▸ **SUPPLIED DATA**:

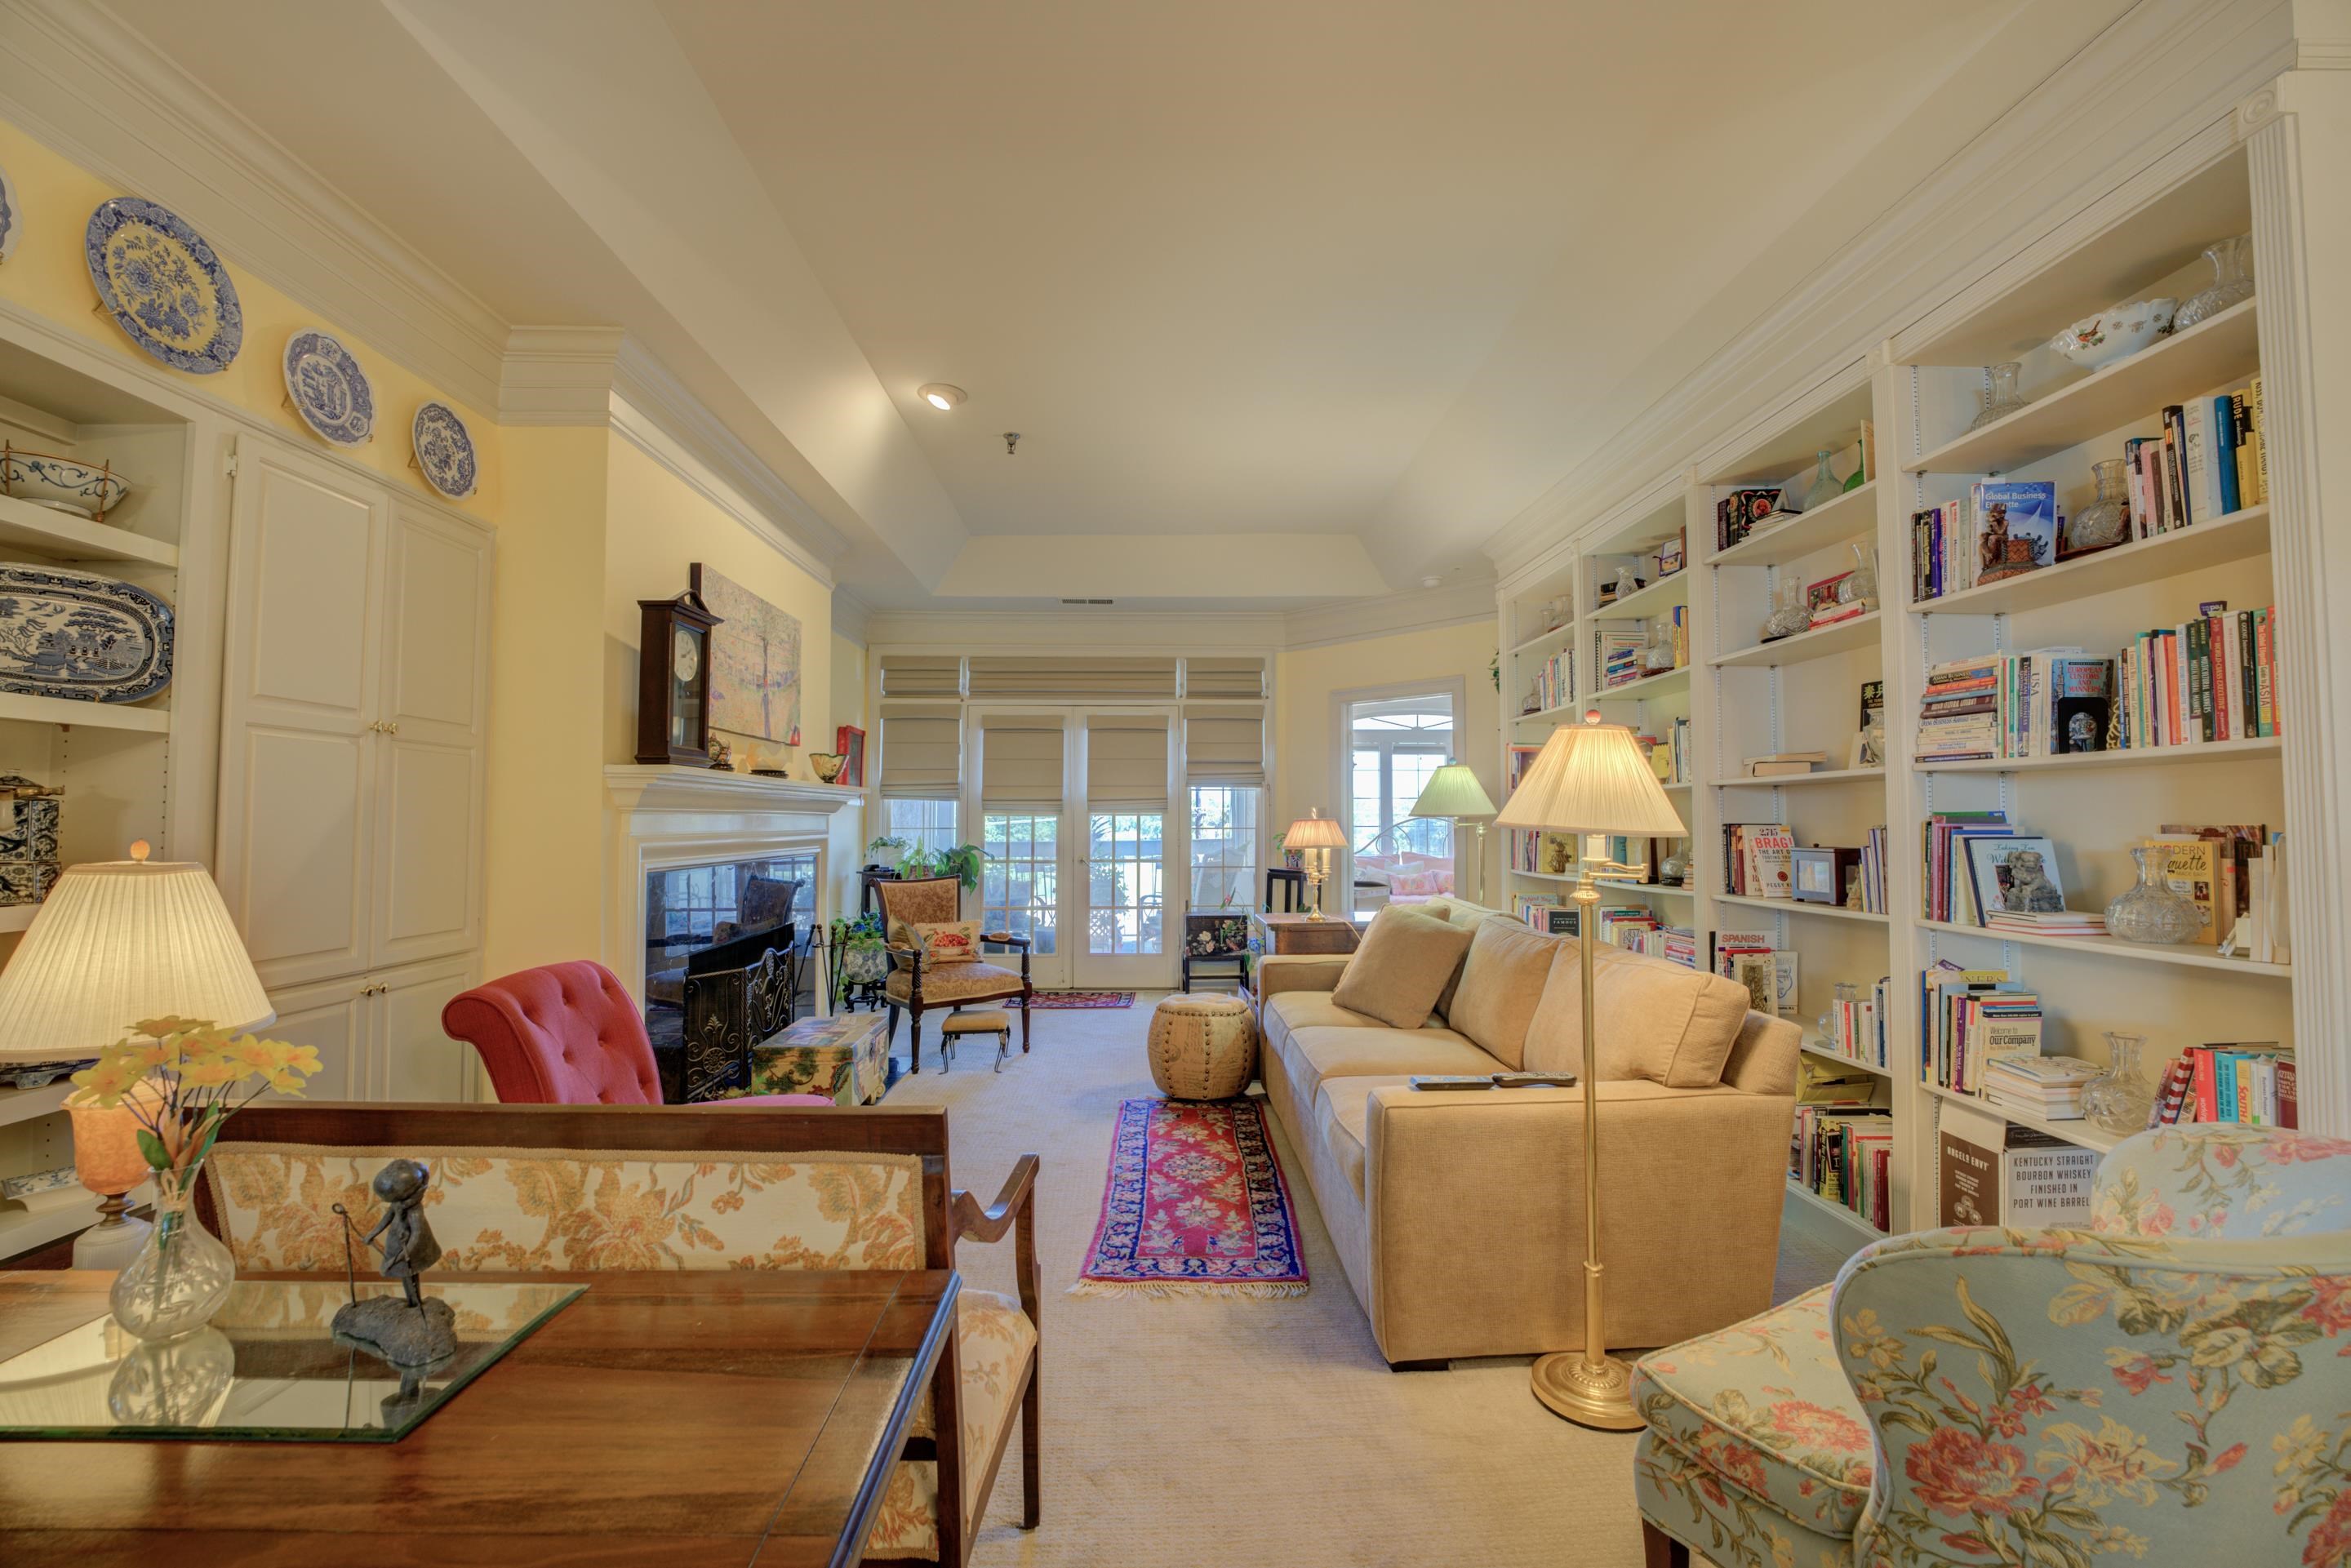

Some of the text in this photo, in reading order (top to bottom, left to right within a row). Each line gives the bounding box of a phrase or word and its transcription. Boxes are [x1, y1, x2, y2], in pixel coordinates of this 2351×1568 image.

[2233, 397, 2242, 419] RUDE
[1985, 491, 2046, 500] Global Business
[2257, 624, 2267, 633] The
[2258, 633, 2267, 646] Global
[2242, 639, 2250, 667] International
[2258, 647, 2268, 665] Etiquette
[2190, 660, 2200, 693] MULTICULTURAL
[2201, 656, 2209, 690] MULTICULTURAL
[2031, 673, 2040, 696] USA
[2202, 691, 2211, 713] MANNERS
[2216, 680, 2224, 709] EXECUTIVE
[2260, 685, 2270, 706] ASIA
[2193, 695, 2201, 716] MANNERS
[1755, 837, 1793, 849] BRAG!
[1722, 935, 1765, 943] SPANISH
[1989, 1026, 2011, 1034] Welcome
[1989, 1035, 2036, 1046] Our Company
[2239, 1085, 2248, 1117] SOUTH
[1971, 1156, 1989, 1171] ENVY
[2014, 1155, 2094, 1167] KENTUCKY STRAIGHT
[2016, 1169, 2091, 1181] BOURBON WHISKEY
[2031, 1184, 2077, 1194] FINISHED IN
[2014, 1197, 2090, 1208] PORT WINE BARREL
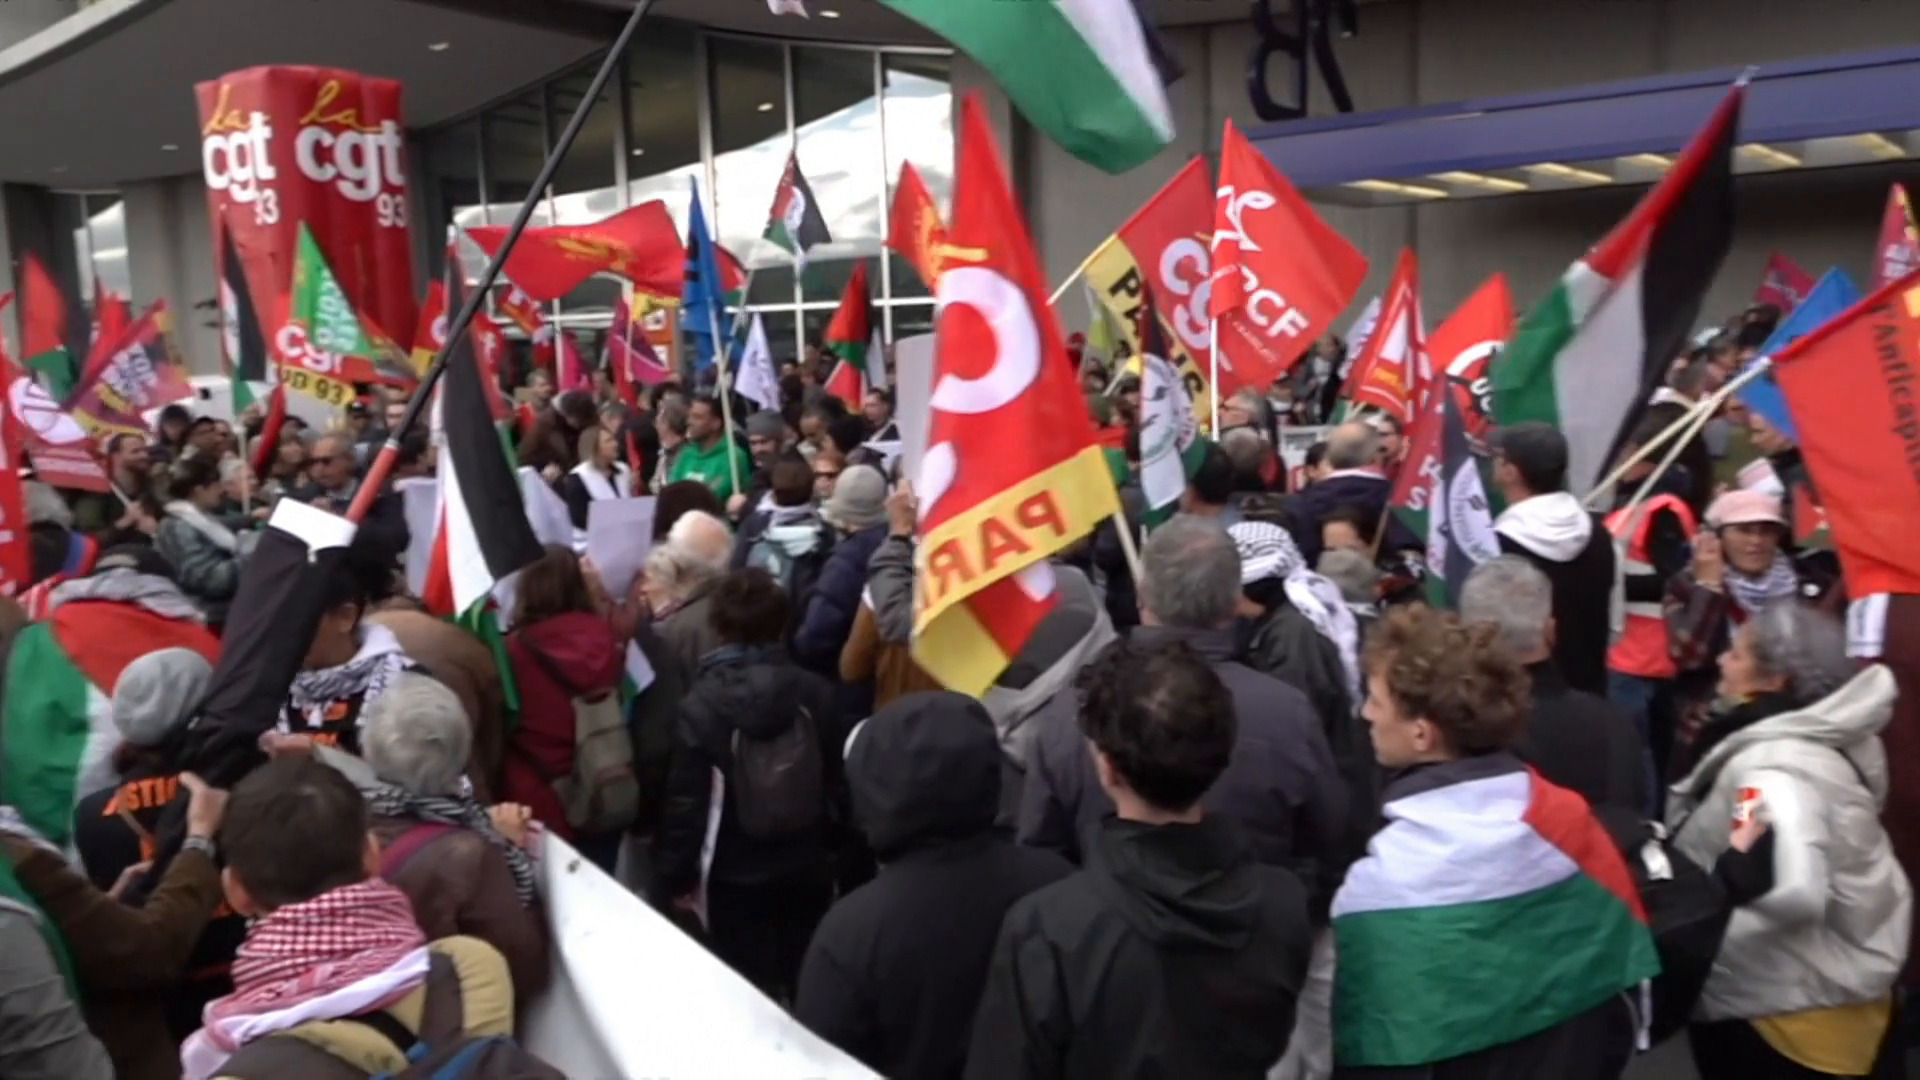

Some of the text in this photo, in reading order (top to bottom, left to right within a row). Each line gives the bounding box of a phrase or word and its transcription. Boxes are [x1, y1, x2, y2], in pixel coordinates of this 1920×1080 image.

[203, 111, 276, 203] cgt
[295, 120, 405, 201] cgt
[376, 193, 408, 228] 93

▸ **EXERCISE**:
Set the listing down verbatim, excluding pictures.

▸ **ANSWER FOR THIS EXERCISE**:
Some of the text in this photo, in reading order (top to bottom, left to right within a row). Each line gives the bounding box of a phrase or word and its transcription. Boxes are [x1, y1, x2, y2], in pixel coordinates of this 2351×1568 image.

[2233, 397, 2242, 419] RUDE
[1985, 491, 2046, 500] Global Business
[2257, 624, 2267, 633] The
[2258, 633, 2267, 646] Global
[2242, 639, 2250, 667] International
[2258, 647, 2268, 665] Etiquette
[2190, 660, 2200, 693] MULTICULTURAL
[2201, 656, 2209, 690] MULTICULTURAL
[2031, 673, 2040, 696] USA
[2202, 691, 2211, 713] MANNERS
[2216, 680, 2224, 709] EXECUTIVE
[2260, 685, 2270, 706] ASIA
[2193, 695, 2201, 716] MANNERS
[1755, 837, 1793, 849] BRAG!
[1722, 935, 1765, 943] SPANISH
[1989, 1026, 2011, 1034] Welcome
[1989, 1035, 2036, 1046] Our Company
[2239, 1085, 2248, 1117] SOUTH
[1971, 1156, 1989, 1171] ENVY
[2014, 1155, 2094, 1167] KENTUCKY STRAIGHT
[2016, 1169, 2091, 1181] BOURBON WHISKEY
[2031, 1184, 2077, 1194] FINISHED IN
[2014, 1197, 2090, 1208] PORT WINE BARREL

Some of the text in this photo, in reading order (top to bottom, left to right within a row). Each line gives the bounding box of a phrase or word and its transcription. Boxes are [x1, y1, x2, y2], in pixel coordinates of this 1920×1080 image.

[203, 111, 276, 203] cgt
[295, 120, 405, 201] cgt
[376, 193, 408, 228] 93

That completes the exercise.